T Q&A

UA Professor Jim Clarke is the author of five books on violent crime, including Last Rampage: The Escape of Gary Tison and the upcoming Defining Danger: American Assassins and the New Domestic Terrorists. Between 1997 and 2002, he examined the cases of 179 murderers convicted in Pima County during the '90s. Among other findings, he discovered that whether or not a killer receives the death penalty--or "the needle," as he called it--could depend on the victim's social standing, bringing up concerns about equity in capital punishment.

What questions did you examine in your study?

Well, we were interested in three big questions. The first one was: How do these killers differ from the general population?

... Secondly, we were interested in how the death penalty is administered. Ten percent of these subjects were sentenced to death. So we wanted to compare people who were sentenced to death with people who were not. That involves what in the scholarly literature is called the problem of "over-inclusion." ... Is the death penalty reserved for those who are truly the worst of the worst, or are some others being included? That's "over-inclusion."

And the third question?

Among the worst of the worst, who, theoretically, deserve the death penalty, is justice being administered equally--that is, are all the worst of the worst being sentenced to death, or are only some of them?

How do these convicted killers compare to the general population?

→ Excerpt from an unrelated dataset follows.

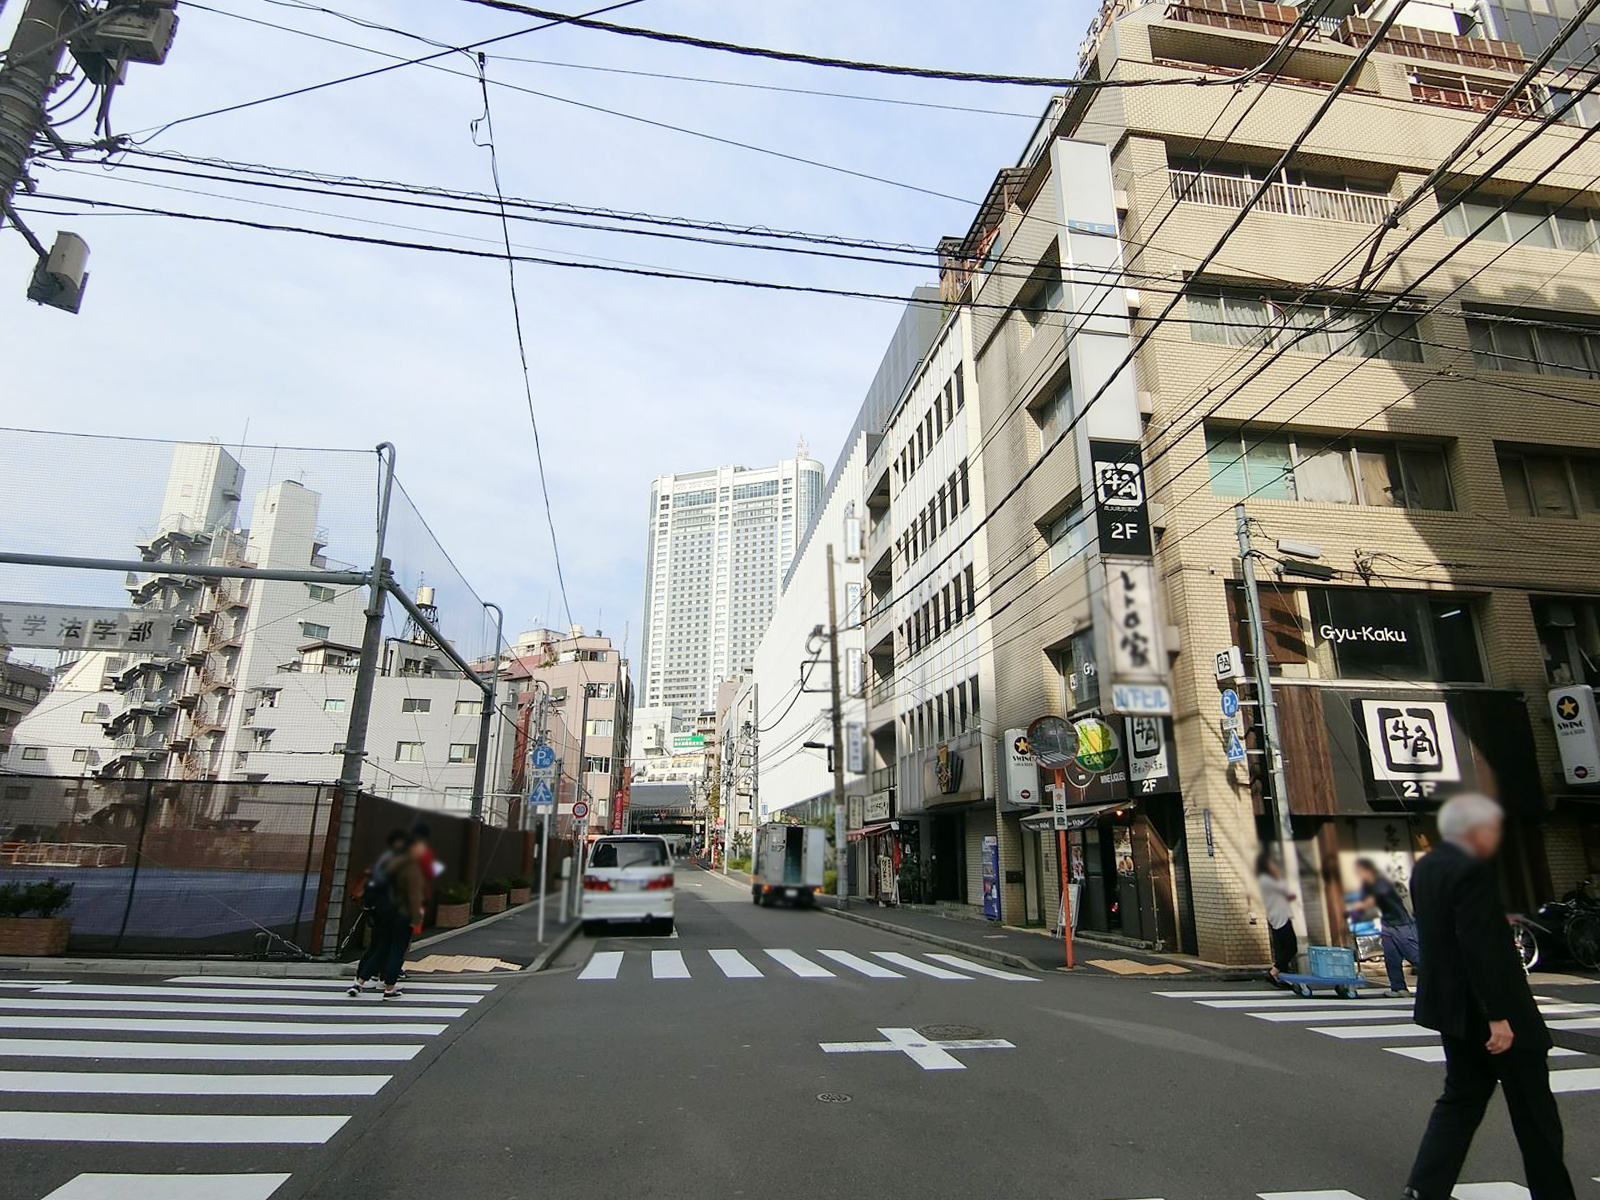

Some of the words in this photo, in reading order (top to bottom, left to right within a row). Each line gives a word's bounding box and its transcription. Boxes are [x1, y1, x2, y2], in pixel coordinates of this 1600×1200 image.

We compared them to Pima County demographics, and we found that killers are disproportionately male, young, unskilled (and) unemployed. Fifty-five percent of them were high school dropouts, as compared to the state number (which) I think is 17 percent. ... We looked at family background and found that almost 70 percent came from broken homes, were raised by single people--sometimes parents, sometimes other relatives. This is much higher than the numbers for Pima County. Sixty-five percent of them were neglected or abused as children. And then, looking at symptoms of what clinicians call attachment disorder, (which) ... is associated with the absence of conscience, we found that 58 percent of these convicted killers had convincing symptoms of this disorder. ... Consistent with that, we found 80 percent had juvenile criminal records.

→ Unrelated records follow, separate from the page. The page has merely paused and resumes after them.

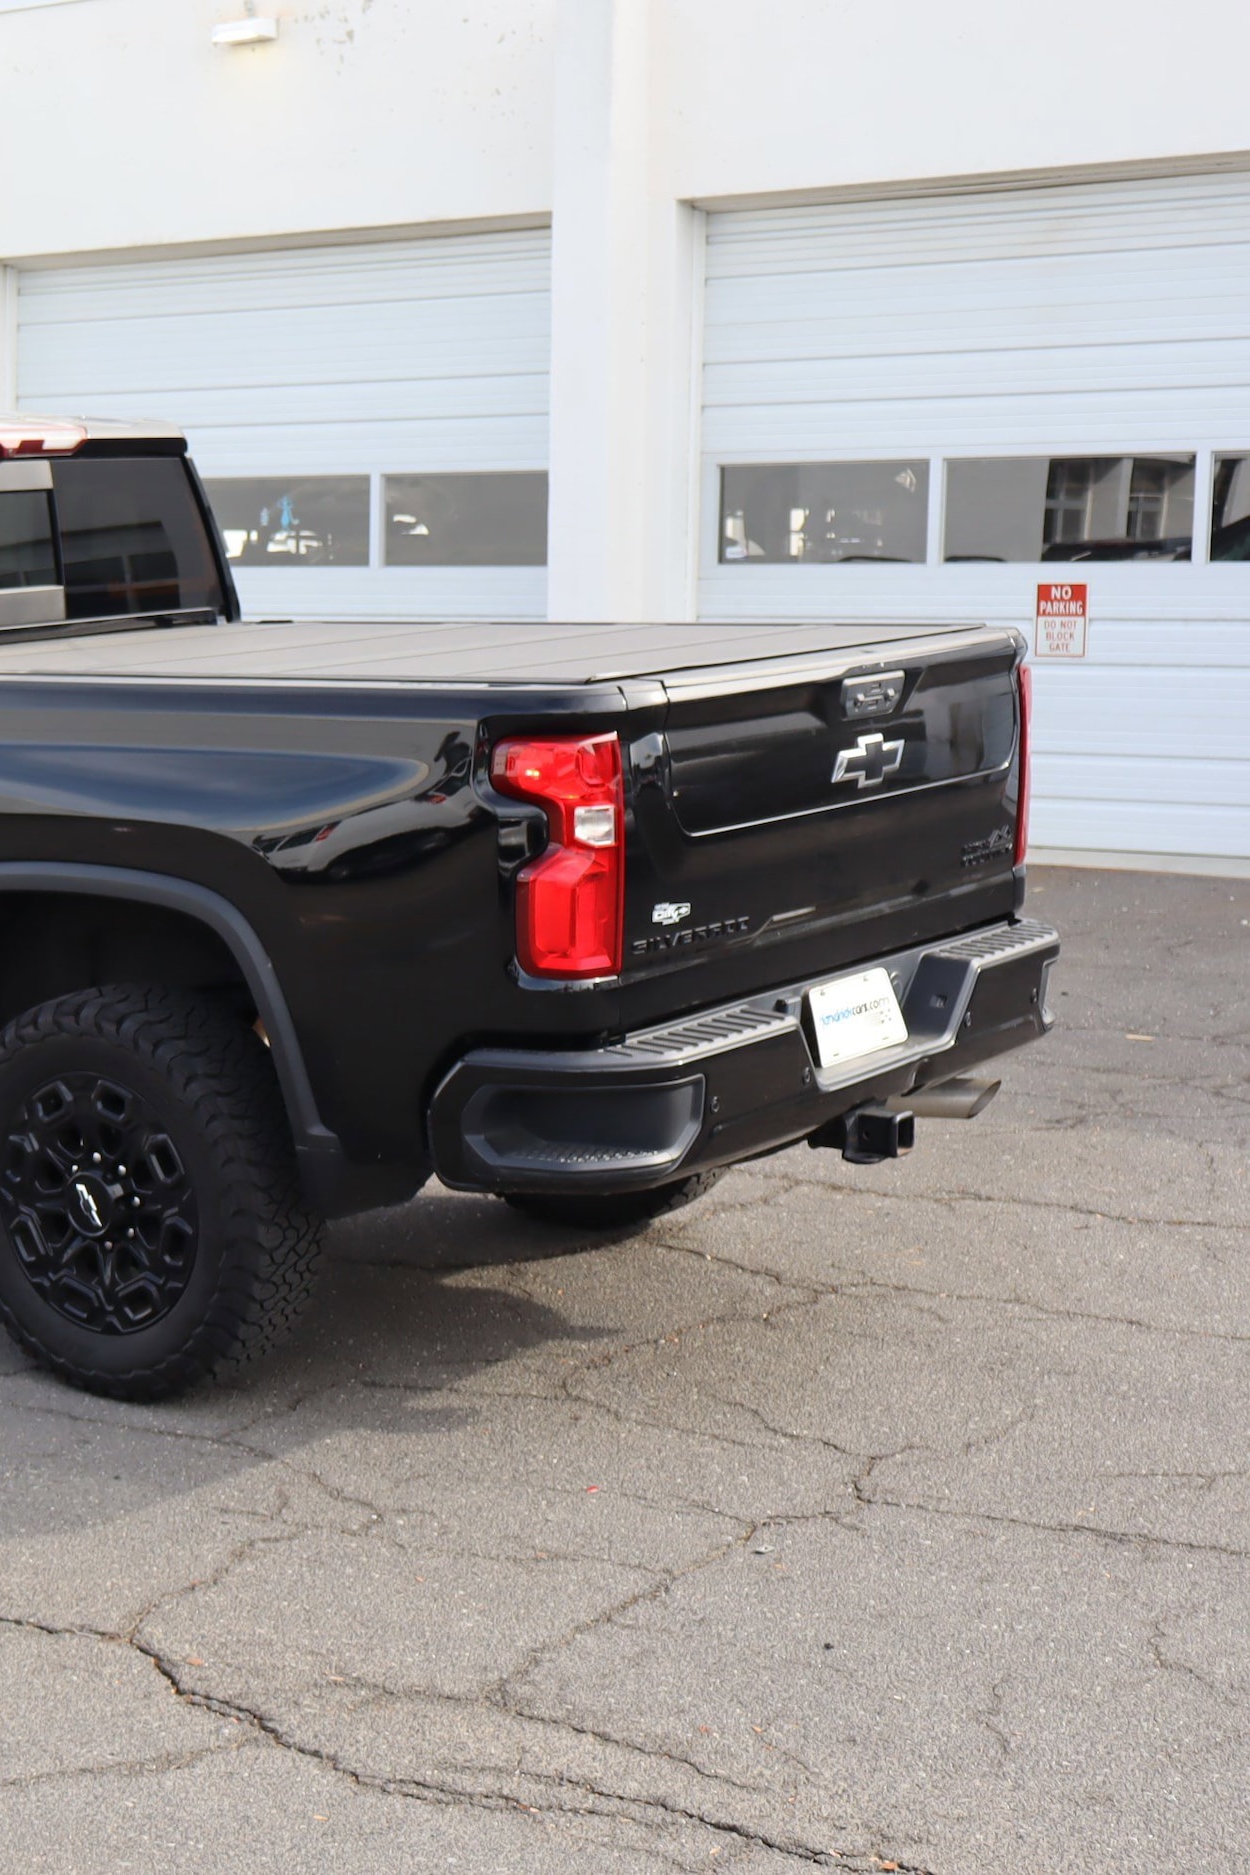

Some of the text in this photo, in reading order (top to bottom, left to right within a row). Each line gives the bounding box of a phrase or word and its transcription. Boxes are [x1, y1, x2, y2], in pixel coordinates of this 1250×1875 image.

[1051, 586, 1072, 600] NO
[1039, 601, 1083, 615] PARKING
[1044, 620, 1077, 630] DO NOT
[1045, 631, 1075, 641] BLOCK
[1049, 642, 1071, 653] GATE

How did you measure who the "worst of the worst" among killers were?

We decided that we would come up with our own measure of heinousness, based on autopsy reports, criminal files and so forth. These six criteria were how we defined heinousness: defenseless victim, which would include children; more than one victim; brutality, meaning a slow, painful, torturous death; multiple wounds, which would reflect rage or whatever; mutilation, which we define as desecration of the body after death; and then, finally, rape and sexual assault. Then we scored all our 179 subjects, and we ranked them from the worst of the worst--type threes--down to those who were killers but didn't satisfy more than one or two of those criteria. And so theoretically, the death penalty, we said, which is intended for the worst of the worst, should include all of these type threes, according to our measures.

Were the worst of the worst consistently sentenced to death?

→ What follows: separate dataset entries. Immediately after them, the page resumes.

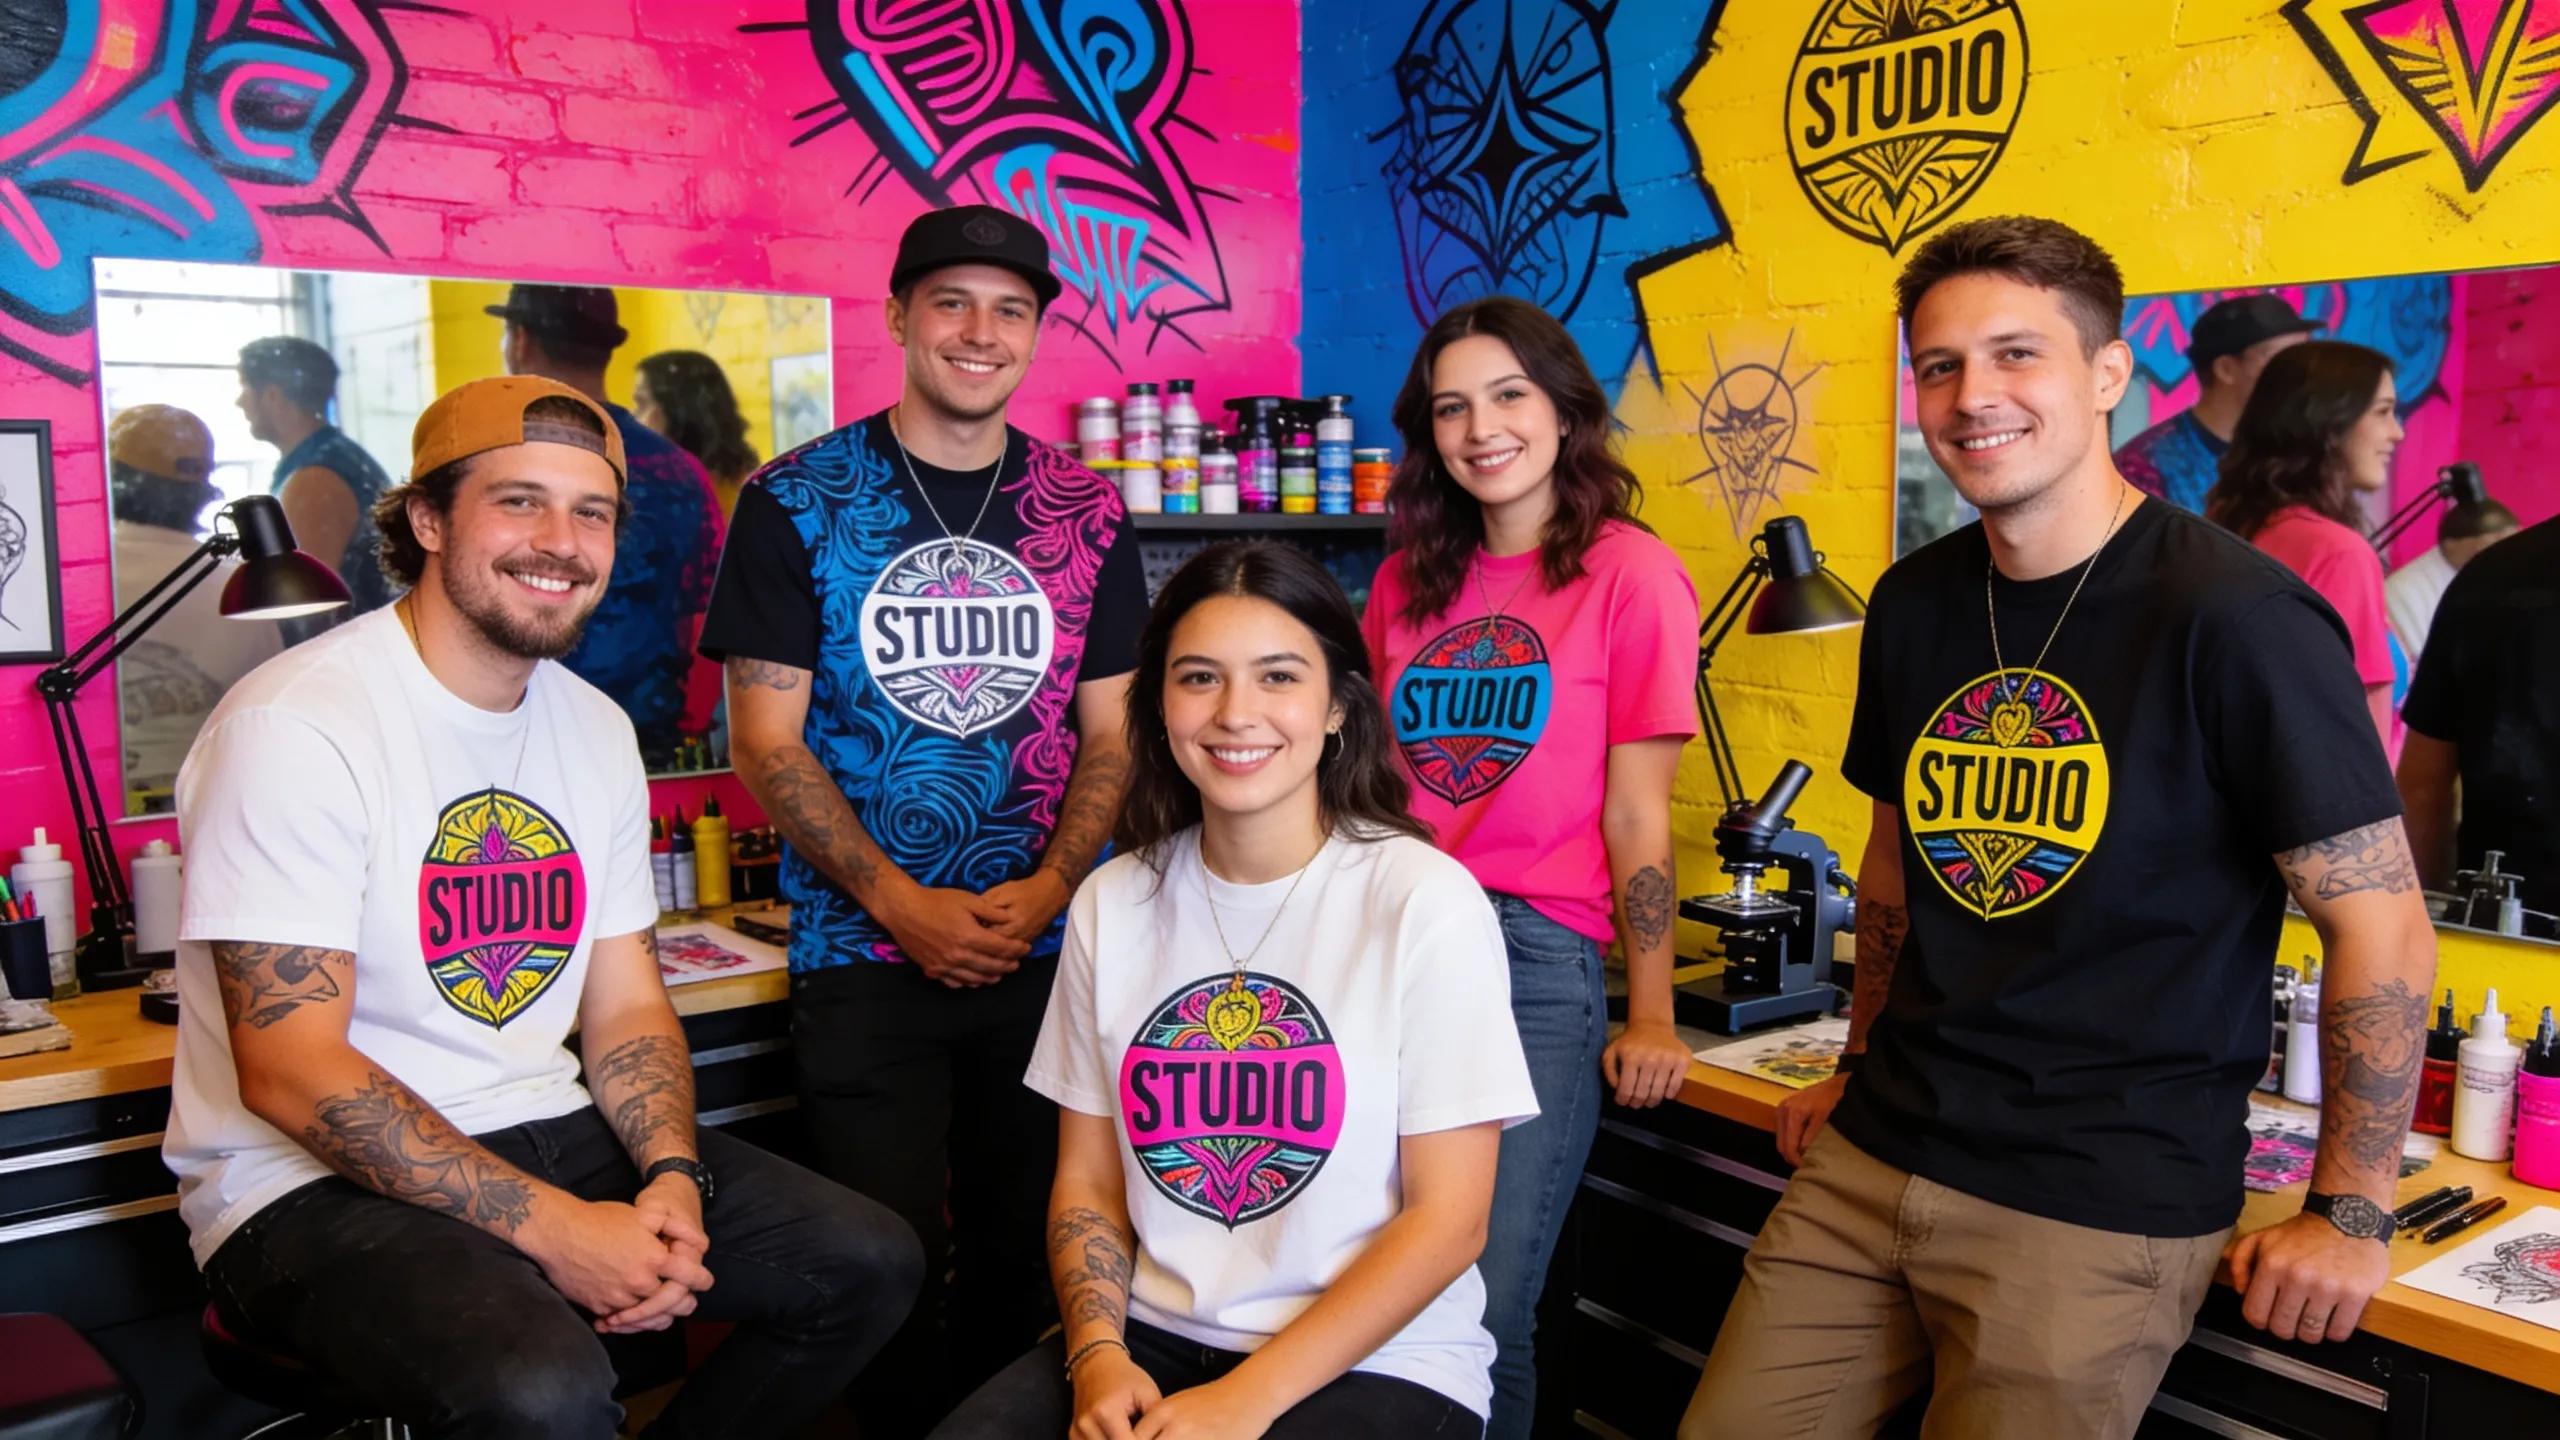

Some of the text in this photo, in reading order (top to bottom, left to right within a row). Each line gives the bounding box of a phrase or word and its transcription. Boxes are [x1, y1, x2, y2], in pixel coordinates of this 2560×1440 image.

[1805, 29, 2005, 149] STUDIO
[873, 604, 1040, 665] STUDIO
[1402, 675, 1538, 732] STUDIO
[1917, 750, 2090, 832] STUDIO
[427, 868, 573, 946] STUDIO
[1130, 1060, 1327, 1132] STUDIO

Well, we found in Pima County there was no evidence of "over-inclusion"--that is, prosecutors and judges in Pima County were putting on death row people who truly were the worst of the worst. ... However, there were 43 individuals who fit into this type three, worst-of-the-worst category. Only 35 percent received the death penalty.

What's the difference between the most heinous killers who were sentenced to death and those who weren't?

We found the only factor that distinguishes between those two groups was the social standing of their victims. If you killed a skilled, engaged member of the community, regardless of gender, regardless of race or whatever, you had a much higher probability of getting the death penalty. If your victim was a socially marginal, unskilled, unemployed loser like yourself, you're going to get a more lenient sentence. ... It means maybe prosecutors and judges (Arizona judges sentenced people to death until 2002, when the U.S. Supreme Court declared only juries may do so) value some lives more than others.

What conclusions might be drawn from that?

If we restore equity in capital sentencing, it would mean that we would greatly expand the numbers of socially marginal young males on death row. ... This leads to a moral conundrum. You could either restore equity, or you could limit the death penalty by limiting it to only highly selective cases. ... The other possibility would be to abolish the death penalty altogether, because it doesn't work right.